O amarelo é uma cor emblemática na história da humanidade. Seus diversos tons já foram associados à traição, como a de Judas no período pós-clássico, à exclusão na Idade Média e Renascença e até mesmo à enfermidade no século XIX. Hoje em dia o amarelo ouro é o mais presente, associado ao sol e à criatividade, sendo uma cor vibrante e alegre. Uma cor primaveril.
No início do século XX, estudando os aspectos dinâmicos e econômicos do aparelho psíquico, Freud se deparou com duas tendências muito particulares da humanidade: a capacidade de construir e se voltar para tudo que nos remete à vida e a capacidade de destruir, incluindo a autodestruição, o que nos leva ao estado de inicial de morte. Chamou-as pulsão de vida e pulsão de morte.
Assim como o amarelo, que vai do mais vibrante tom solar, em toda sua potência de transmitir vida, ao amarelo opaco das folhas secas que precipitam o solo após perder a vitalidade robusta da copa das árvores, oscilamos diariamente entre tendências de vida e de morte, em menor ou maior proporção. Para Freud, esses aspectos não são qualitativos, mas quantitativos. Não falamos de valores ou moral, falamos de intensidade e de suas consequências.
Essa reflexão nos leva ao amarelo do setembro amarelo, cor do carro mustang tão querido por Mike Emme, jovem americano de 17 anos que cometeu suicídio. Em seu enterro, seus pais distribuíram fitas amarelas com os dizeres “se você está pensando em suicídio, entregue este cartão a alguém e peça ajuda”.
Com a propagação de campanhas de prevenção ao redor do mundo, muitos se solidarizaram e diversas atitudes são tomadas no decorrer do mês de setembro para repensarmos esse fenômeno que é tabu na sociedade, mas cada vez mais frequente. Se você não é um profissional preparado, possivelmente não saberá lidar com demandas de suicídio, mas isso não quer dizer que você não possa se informar sobre os meios de prevenção e auxílio: redes de apoio, tratamento psicológico e alerta aos sinais de risco. É preciso nos responsabilizarmos enquanto sociedade.
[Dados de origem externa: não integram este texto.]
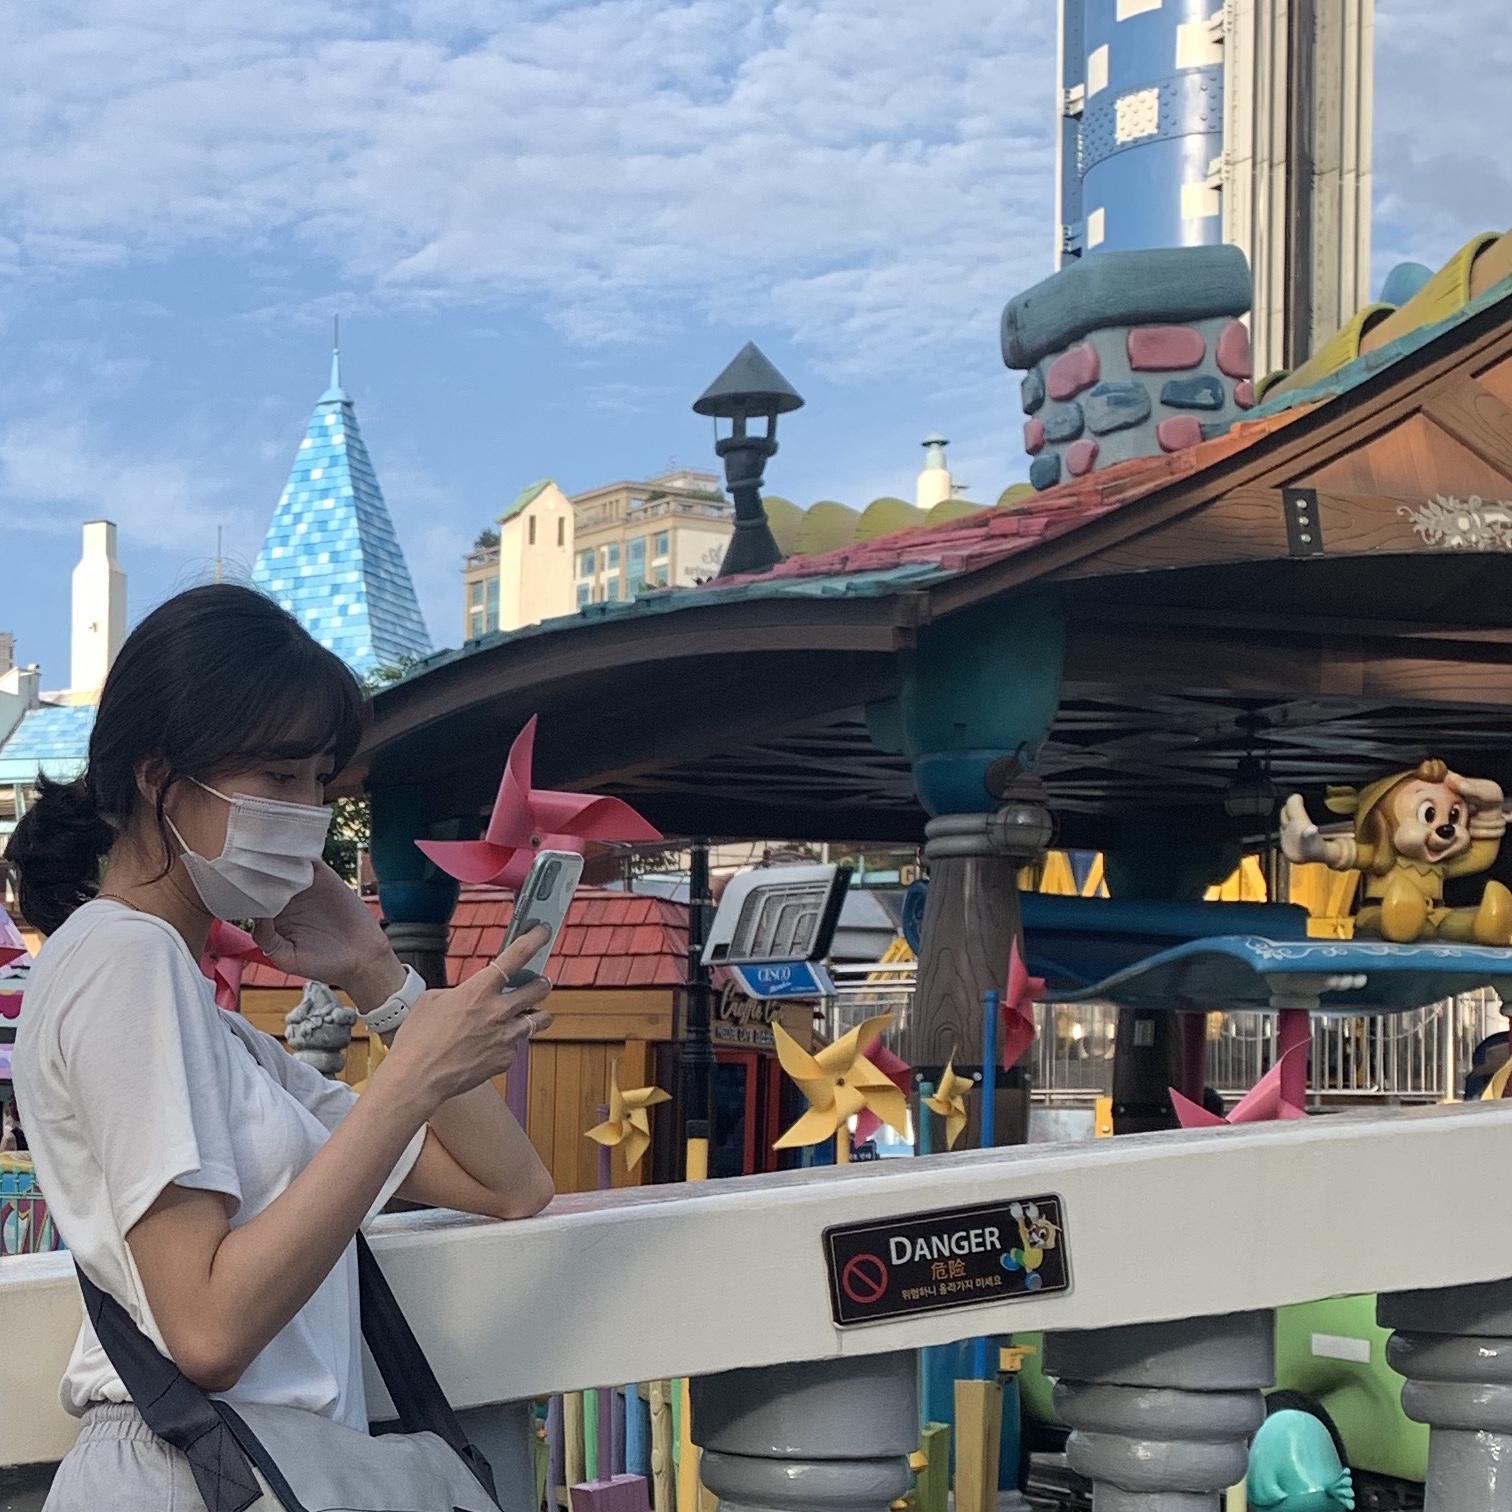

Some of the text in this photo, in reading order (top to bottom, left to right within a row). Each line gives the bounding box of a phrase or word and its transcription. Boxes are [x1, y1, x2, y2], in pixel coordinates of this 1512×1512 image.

[889, 1227, 1002, 1266] DANGER
[930, 1258, 967, 1281] 危险
[901, 1285, 937, 1301] 위험하니
[938, 1279, 973, 1296] 올라가지
Saber ouvir e suspender o julgamento é o mais importante, não basta ser empático. Nem todo mundo se sente confortável ou preparado para isso e tudo bem. Informe-se para encaminhar e oferecer indicações de ajuda especializada, informe-se para não reduzir ideação suicida à julgamentos valorativos sobre a necessidade dos outros. Lembre-se, o que serve para você nem sempre serve ao outro e é bastante autoritário querer que seja assim.
Quando alguém busca o fim da vida, há aspectos biológicos, sociais, psicológicos e econômicos em jogo. Podemos pensar na pulsão de morte como uma tendência natural na história da humanidade. Dessa forma, não existe unanimidade histórica e nem conceitual a respeito do suicídio. Sabe-se que se tornou tabu em algumas sociedades devido a questões morais, religiosas e midiáticas.
Para Sartre e Camus, a morte voluntária não deveria ser vista como um crime, mas escolha. Diante dessa possibilidade, cabe-nos refletir: qual parcela de responsabilidade temos enquanto sociedade por essa escolha?
Estima-se que notícias de suicídio influenciam em novas ondas, pois pessoas potencialmente inclinadas são vulneráveis a elas e por isso muitos casos são abafados. Isso não quer dizer, no entanto, que devemos abafar a existência do fenômeno em si e tampouco de suas motivações, sociais e singulares.
Algumas pesquisas apontam para fatores de risco como a depressão, abuso de substâncias, isolamento social, conflitos interfamiliares e falta de rede de apoio ativa, mas nem sempre esses são os critérios determinantes. Cabe-nos a informação e a abertura diante dos dados apresentados para refletirmos o fenômeno como social e individual.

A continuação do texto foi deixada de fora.